HOMÉLIE DU 13 AOÛT 2006
19e dimanche du temps ordinaire

PAROISSE SAINT-THOMAS
Memramcook (Nouveau-Brunswick)

Président de l'assemblée:
Mgr André Richard, c.s.c.

Apocalypse (11, 19a; 12, 1-6a. 10ab)
Corinthiens (15, 20-27a)
Saint Luc (1, 39-56)

Frères et soeurs dans le Christ,

Il est beau, ce chant de la Vierge Marie; il est plein de joie et d'émerveillement. C'est clair qu'il vient d'une personne comblée. Marie prévoit même que toutes les générations la diront bienheureuse. De fait, depuis les premiers siècles de l'Église, les chrétiens, avec joie, disent du bien de Marie, parce qu'elle a cru à l'annonce de Dieu et parce qu'elle y a répondu, comme elle le pouvait, déjà bénie de Dieu. Saint Luc raconte comment la cousine Élizabeth, elle aussi, a été comblée de joie par la visite de Marie. C'était assez pour faire réagir le bébé qu'elle portait en elle. C'est la fête, pour les personnes de ces familles. Dans la joie aussi, nous fêtons la Vierge Marie élevée au ciel, par un don spécial de Dieu. Il l'a exaltée à cause de la mission qu'elle a reçue, celle de donner au monde un Sauveur, le Christ Jésus, Fils de Dieu et Fils de l'Homme. Encore aujourd'hui, les croyants disent que Marie est bienheureuse d'avoir cru à la promesse de Dieu et d'avoir accepté de donner naissance au Fils de Dieu.

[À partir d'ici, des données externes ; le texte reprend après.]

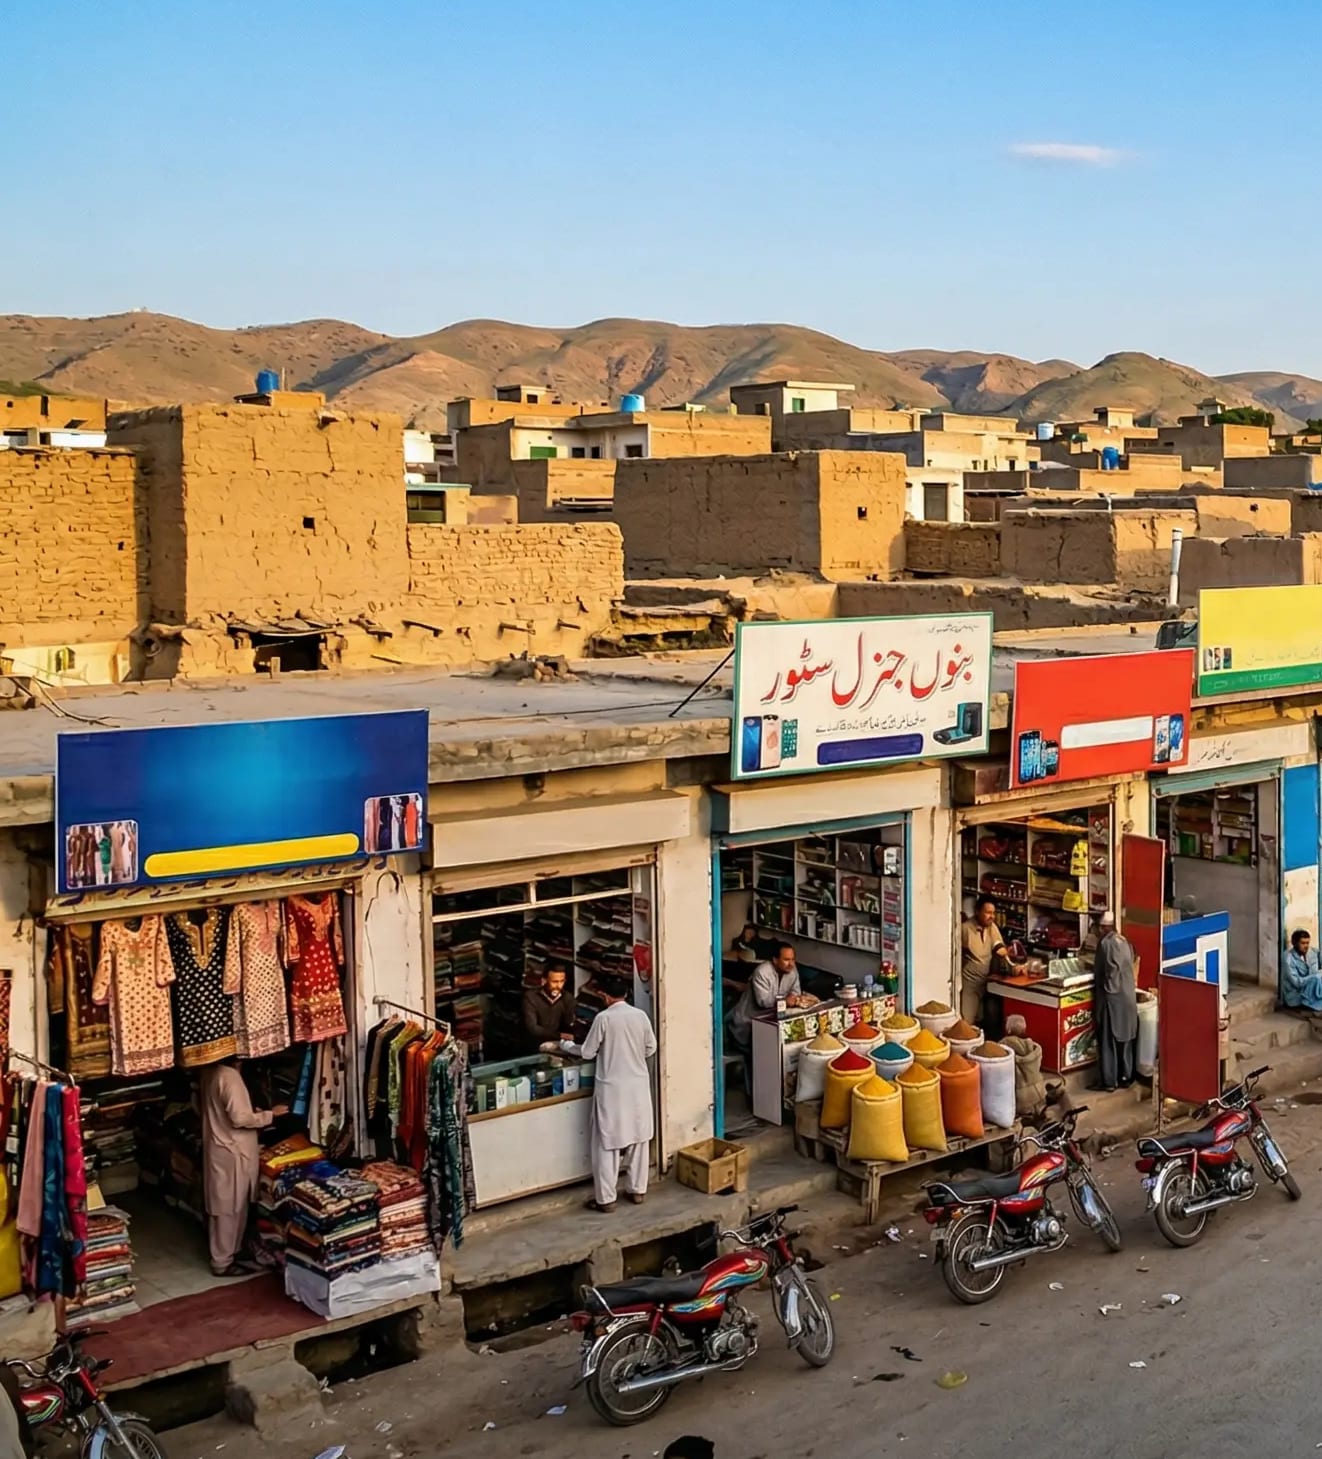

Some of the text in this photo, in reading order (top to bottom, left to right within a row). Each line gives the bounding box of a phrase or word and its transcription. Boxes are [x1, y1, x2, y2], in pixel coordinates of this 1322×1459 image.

[760, 631, 974, 709] بنوں جنرل سٹور
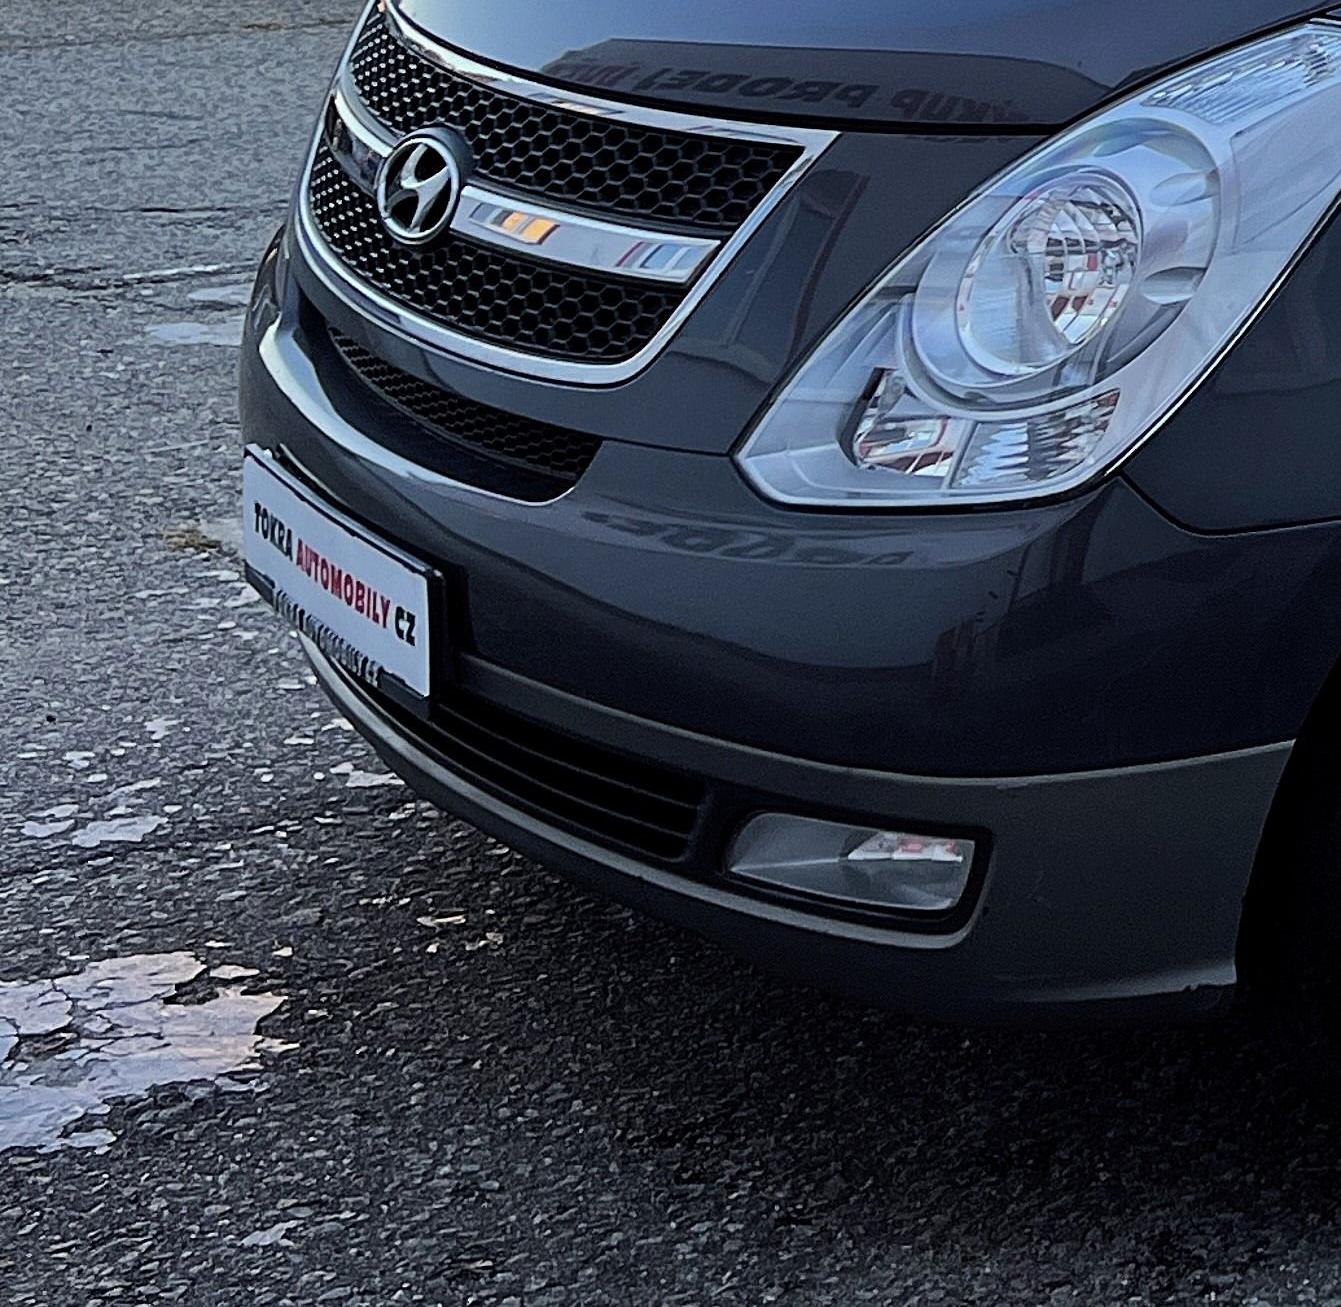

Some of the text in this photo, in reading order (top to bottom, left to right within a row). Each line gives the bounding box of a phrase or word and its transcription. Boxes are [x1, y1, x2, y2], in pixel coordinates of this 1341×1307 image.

Marie est proclamée bienheureuse à d'autres titres. Elle est l'étoile, la «star» du peuple acadien, sa patronne. Il y a 125 ans, le peuple acadien tenait sa première convention nationale. C'était du jamais vu pour eux, à ce moment-là. Voici qu'un peuple dispersé se rassemble pour affirmer qu'il existe, qu'il se souvient de ses origines et qu'il entend prendre sa place parmi les nations. En 1881, des représentants acadiens viennent ici, à Memramcook, pour se donner des leaders et des signes distinctifs de leur identité. C'est seulement trois ans plus tard que seront choisis le drapeau distinctif, le tricolore français avec l'étoile dorée et l'hymne marial comme chant national. À la première convention, les délégués choisissent leur patronne, la Vierge de l'Assomption. C'est une figure féminine, un symbole de foi, un modèle glorifié après avoir connu la bassesse d'une servante. On peut trouver dans ce choix bien des motifs et bien des valeurs. Il paraît tout naturel de penser que les autres versets du chant de Marie parlaient aussi au coeur des délégués acadiens. «L'amour du Seigneur s'étend d'âge en âge sur ceux qui le craignent. Il élève les humbles. Il comble de biens les affamés... Il relève son serviteur, il se souvient de sa promesse.» La sensibilité religieuse du 19e siècle était différente de celle d'aujourd'hui, mais les symboles ne mentent pas. Ils évoquent une communauté de vie et d'aspiration qui n'a pas dû échapper à Mgr Richard et aux délégués à cette convention historique.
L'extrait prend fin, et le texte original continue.